The Number of Chemical Compounds in Cannabis
This is definitely not the answer, because at the time of writing more than 500 chemical compounds have been found in weed.
A Bill Pending in Congress
The suggestion here is that there is (or was) a Bill #420 pending in Congress, that would be set to legalize weed on a federal level. Sadly, no such bill exists and it could be some time before it happens.
The Real Source of 420 Day
Although this story is not 100% accepted, it appears to be the most likely reason why 420 day exists. We have to go back to 1971 to the story of five high school students in San Rafael, California. Their names are: Jeffrey Noel, Dave Reddix, Steve Capper, Marck Gravich, and Larry Schwartz. They called themselves ‘The Waldos’ because they used to smoke weed by a wall outside their school.

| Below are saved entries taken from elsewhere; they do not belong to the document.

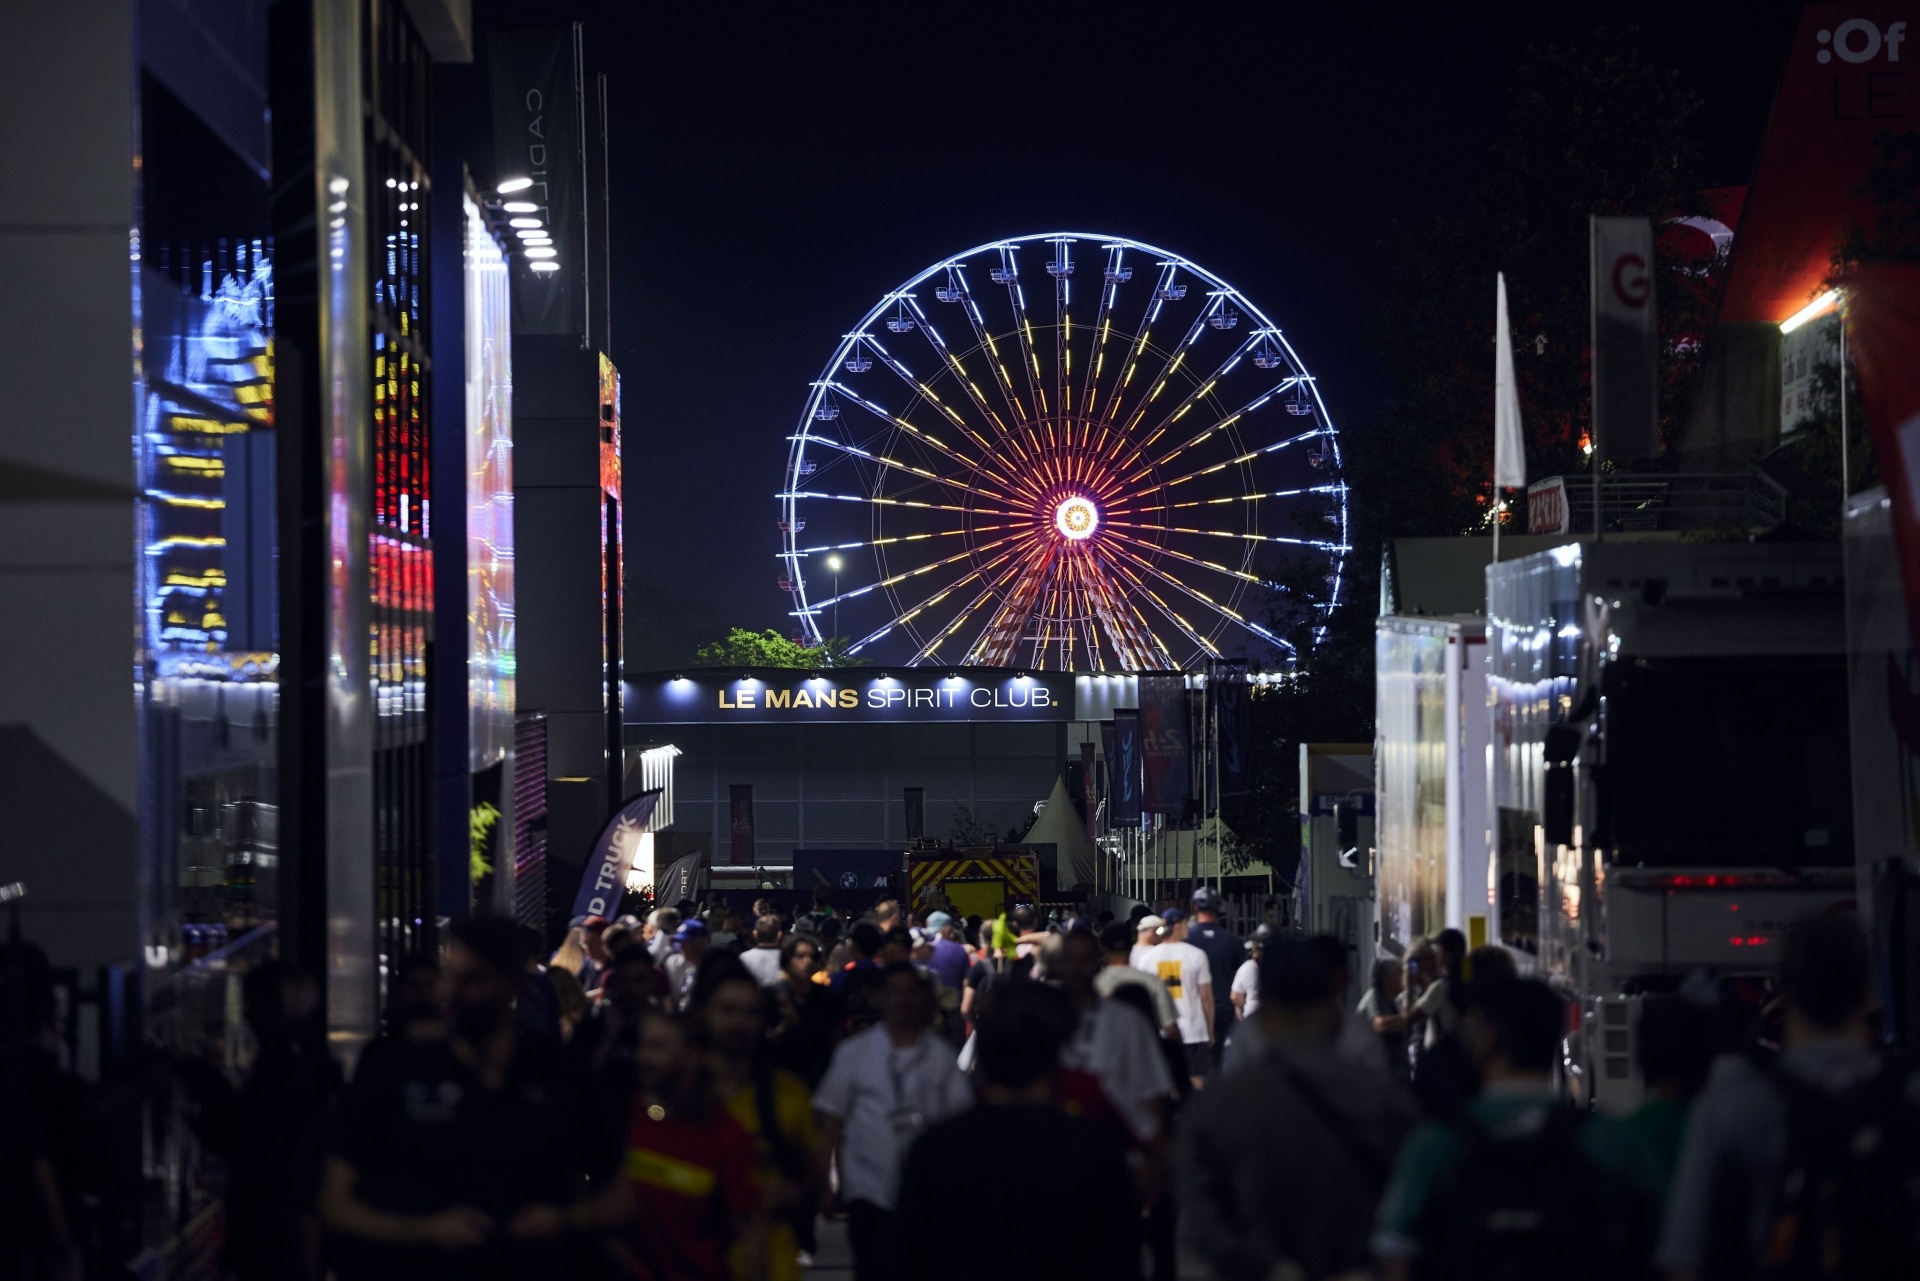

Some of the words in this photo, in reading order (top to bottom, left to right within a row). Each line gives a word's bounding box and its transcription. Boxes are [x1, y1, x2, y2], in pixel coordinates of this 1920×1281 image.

[1834, 72, 1902, 119] LE
[719, 689, 756, 709] LE
[765, 689, 858, 709] MANS
[867, 688, 960, 708] SPIRIT
[971, 688, 1058, 708] CLUB.
[594, 814, 637, 891] TRUCK

According to one version of the story told by Reddix, they received a hand-drawn map that allegedly pinpointed the location of a cannabis crop in Point Reyes. They supposedly met at 4:20 pm each day to look for the hidden treasure but of course, they never found it. Reddix says that while they didn’t find the treasure, they did have a lot of fun – and smoked a lot of weed – while searching.

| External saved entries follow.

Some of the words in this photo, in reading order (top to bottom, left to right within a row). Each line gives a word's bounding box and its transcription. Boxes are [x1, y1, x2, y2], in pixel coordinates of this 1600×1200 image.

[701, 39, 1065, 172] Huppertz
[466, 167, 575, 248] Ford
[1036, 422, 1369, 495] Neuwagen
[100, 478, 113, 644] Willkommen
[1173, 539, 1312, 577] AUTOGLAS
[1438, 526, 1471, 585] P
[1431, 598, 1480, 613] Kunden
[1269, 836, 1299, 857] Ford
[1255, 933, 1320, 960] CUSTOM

Whether or not the treasure map story is true, the five teens used to meet after school to get high. They chose to meet at 4:20 pm because it offered a small window between being out of school and not having to worry about their parents, who did not come home from work until later. During this brief unsupervised time, the kids were free to get stoned. They met beside a statue of Louis Pasteur and soon, 4:20 became the code for them to speak about weed in front of their parents.
A few years later, Reddix found work with Phil Lesh, who was the bassist for the Grateful Dead. Reddix worked as a roadie and toured with the group who eventually helped make the term ‘420’ popular. Followers of the band became known as ‘Deadheads,’ and on December 28, 1990, a group of them created flyers to invite people to consume some “420” at 4:20 pm on April 20 the following year. Steve Bloom was a writer for High Times magazine at the time, and he received a copy of the flyer. High Times printed a copy in 1991 and continually referenced the number.
While High Times credited the Waldos for coining the term in 1998, controversy followed. In 2012, 420 Magazine published an article which claimed that another group of San Rafael teenagers were the first to come up with the phrase. In the article, a man called “The Bebe” claimed that he and his friends were the ‘inventors’ of the term, and that The Waldos were simply ‘self-promoting wannabees.’
Regardless of who came up with the phrase, April 20 is a national holiday of sorts for marijuana lovers. It has been described as “half celebration, half call to action” and has indisputably been the day for cannabis advocates to break the law openly. On April 20, 2013, for instance, thousands of people illegally smoked weed in Golden Gate Park, San Francisco – years before the herb became legal for recreational use in the state. California Senate Bill 420 was introduced in 2003 to regulate cannabis use; a deliberate reference of course to 420 Day.
In 2018, 420 Day will be celebrated in states where marijuana is still not legal for recreational use. For example there is a major celebration planned in New York City, with live music, street food, and a host of special events.
Unfortunately, the day is also associated with some negative events. For example there has been a 12% increase in fatal motor vehicle crashes in the United States on April 20 between 4:20 pm and midnight when compared to normal figures. Drivers aged 21 or less were almost 40% more likely to be involved in such an incident. Clearly, there are still too many people who get stoned and drive. It is ultimately the same as driving while under the influence of alcohol – SO DON’T DO IT!
On a more amusing, if slightly “criminal,” side note is the fact that signs bearing the number 420 are regularly stolen. In Colorado, for example, the Department of Transportation was forced to replace Mile Marker 420 on Interstate-70 with 419.99 because the old sign kept getting stolen!